---------- Data listing

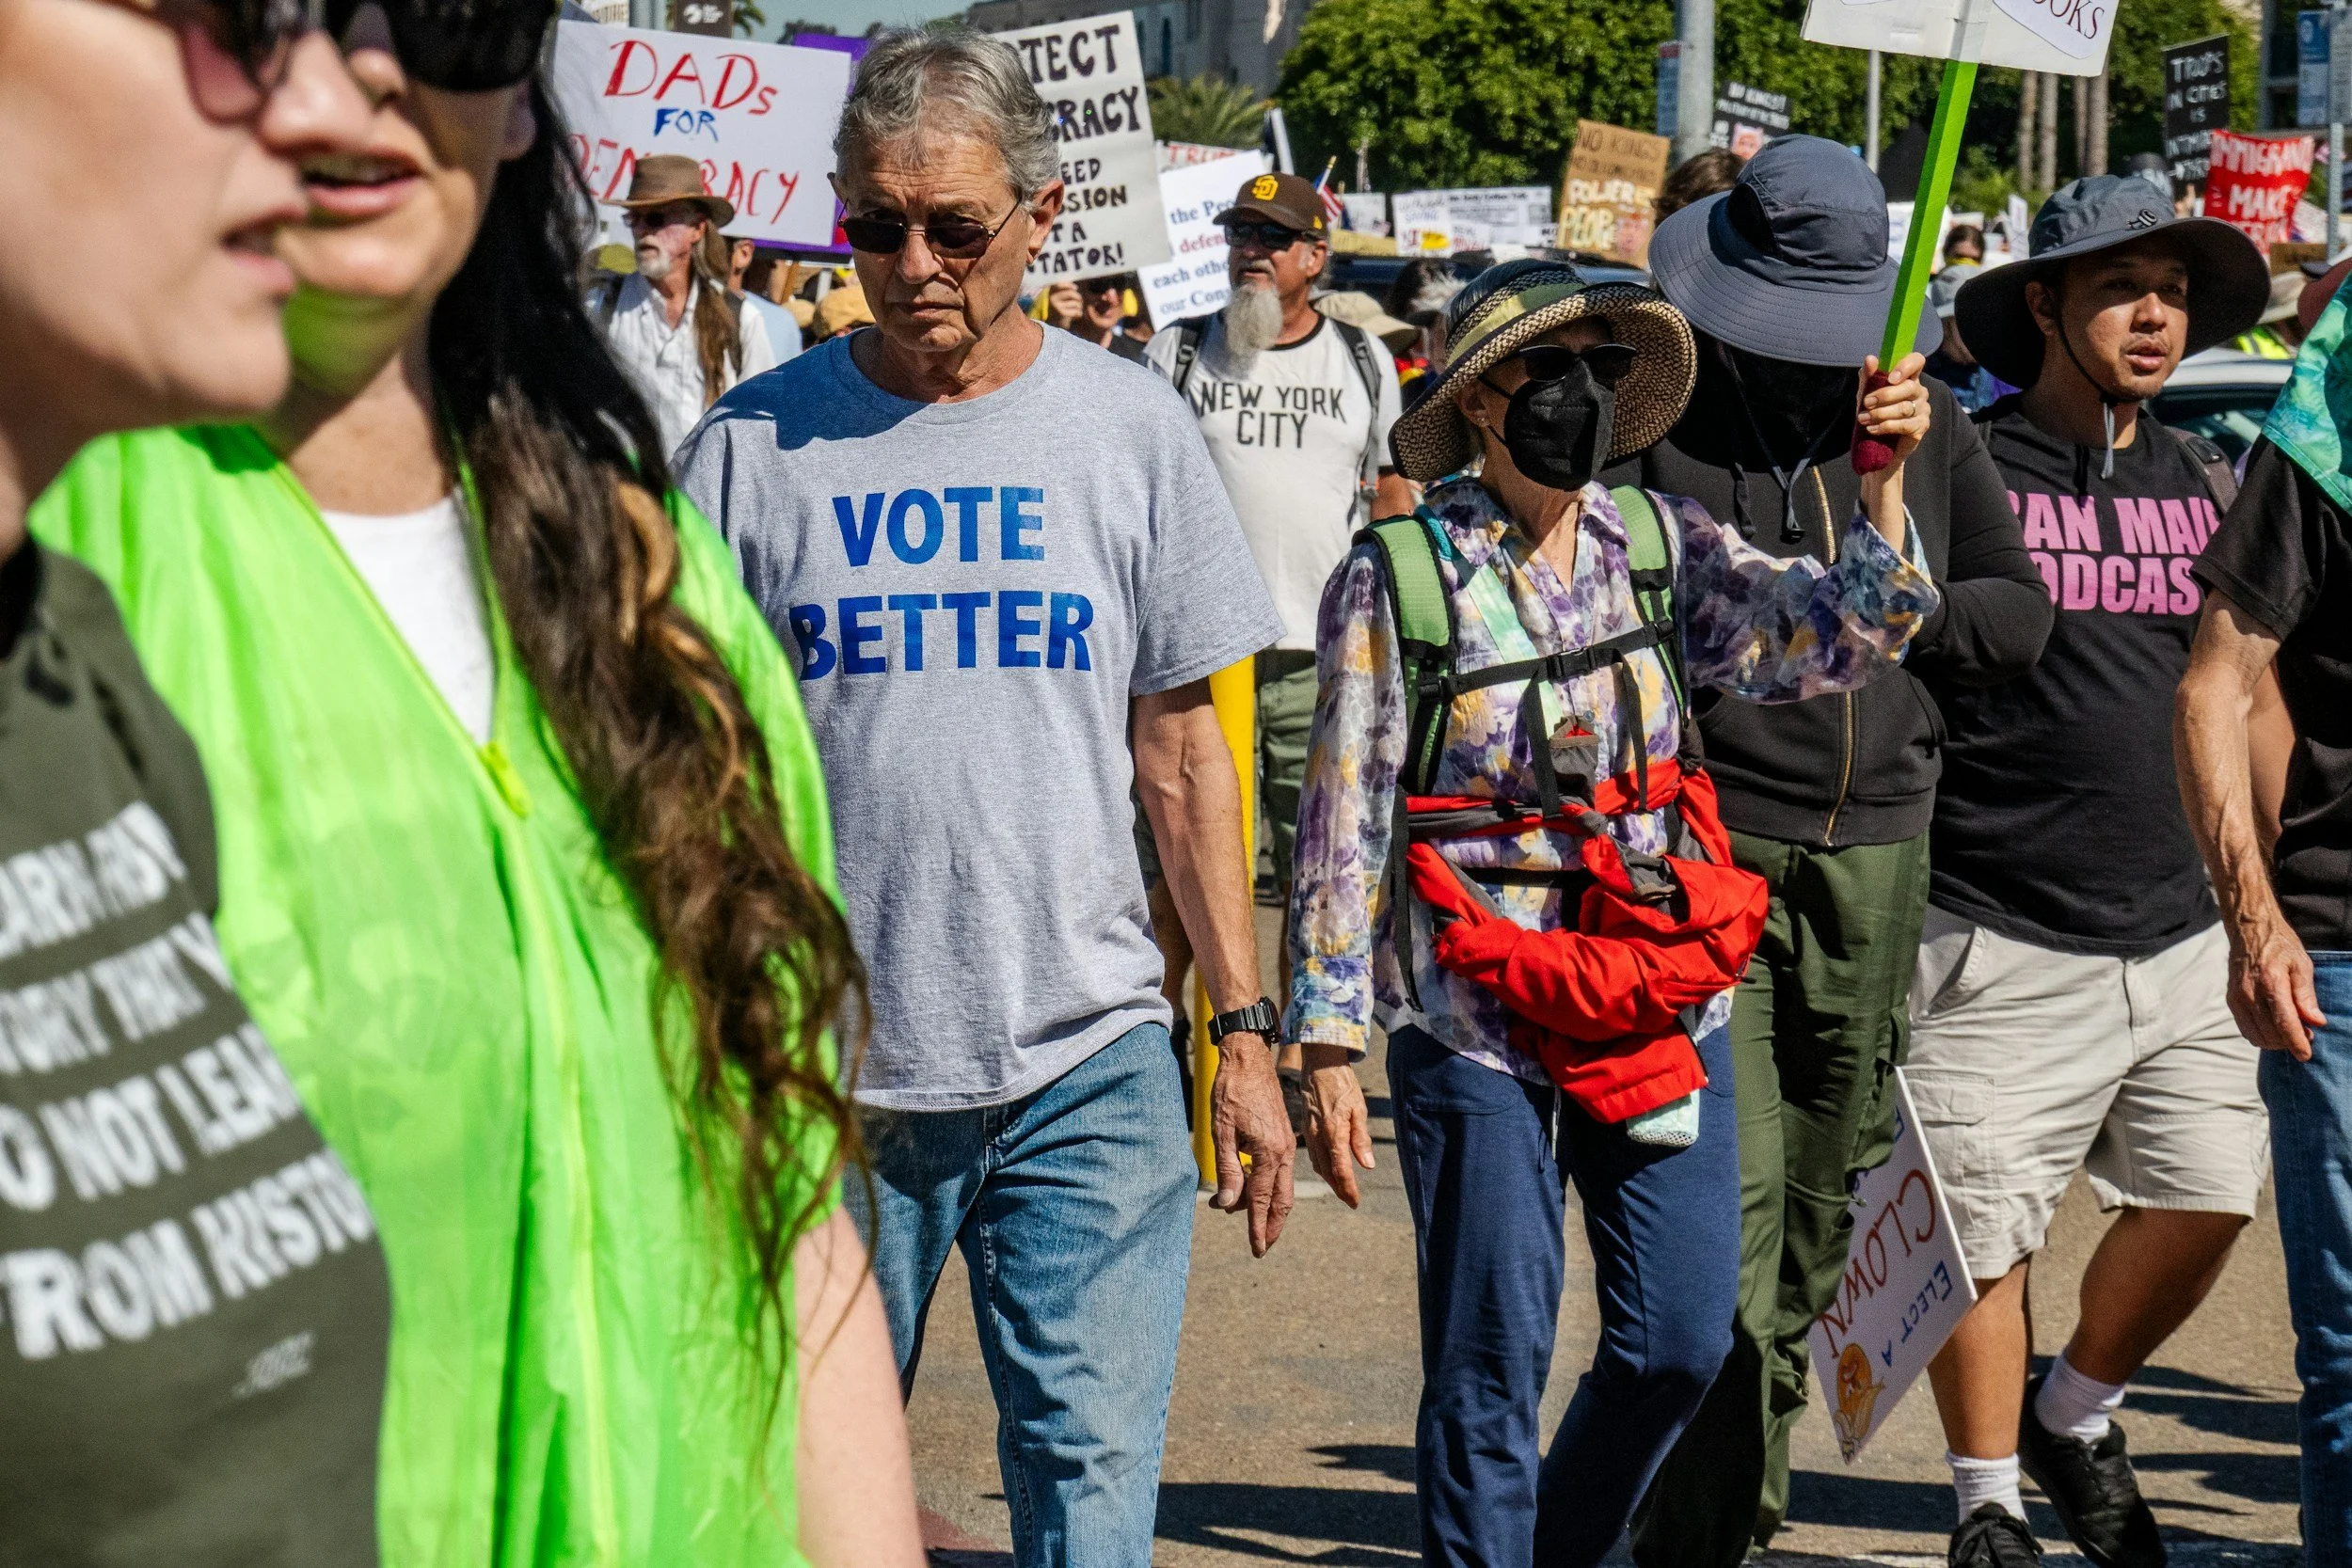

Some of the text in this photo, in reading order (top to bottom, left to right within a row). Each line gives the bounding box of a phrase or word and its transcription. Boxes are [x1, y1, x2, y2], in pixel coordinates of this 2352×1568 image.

[2034, 0, 2105, 40] OKS
[653, 107, 718, 142] FOR
[570, 134, 800, 226] DEMRACY
[1057, 184, 1128, 216] SION
[1169, 207, 1200, 226] the
[1152, 266, 1190, 290] each
[1199, 381, 1347, 424] NEW YORK
[1236, 409, 1311, 450] CITY
[832, 485, 1045, 568] VOTE
[2006, 488, 2104, 553] AN
[788, 590, 1094, 682] BETTER
[38, 1072, 187, 1203] NOT
[0, 1218, 215, 1361] ROM
[1819, 1167, 1937, 1361] CLOWN

--------------------

A picture-free version of all the records, repeated exactly, is what to return.

Some of the text in this photo, in reading order (top to bottom, left to right within a row). Each line gives the bounding box of a phrase or word and its transcription. Boxes are [x1, y1, x2, y2], in pixel coordinates of this 2352×1568 image.

[2034, 0, 2105, 40] OKS
[653, 107, 718, 142] FOR
[570, 134, 800, 226] DEMRACY
[1057, 184, 1128, 216] SION
[1169, 207, 1200, 226] the
[1152, 266, 1190, 290] each
[1199, 381, 1347, 424] NEW YORK
[1236, 409, 1311, 450] CITY
[832, 485, 1045, 568] VOTE
[2006, 488, 2104, 553] AN
[788, 590, 1094, 682] BETTER
[38, 1072, 187, 1203] NOT
[0, 1218, 215, 1361] ROM
[1819, 1167, 1937, 1361] CLOWN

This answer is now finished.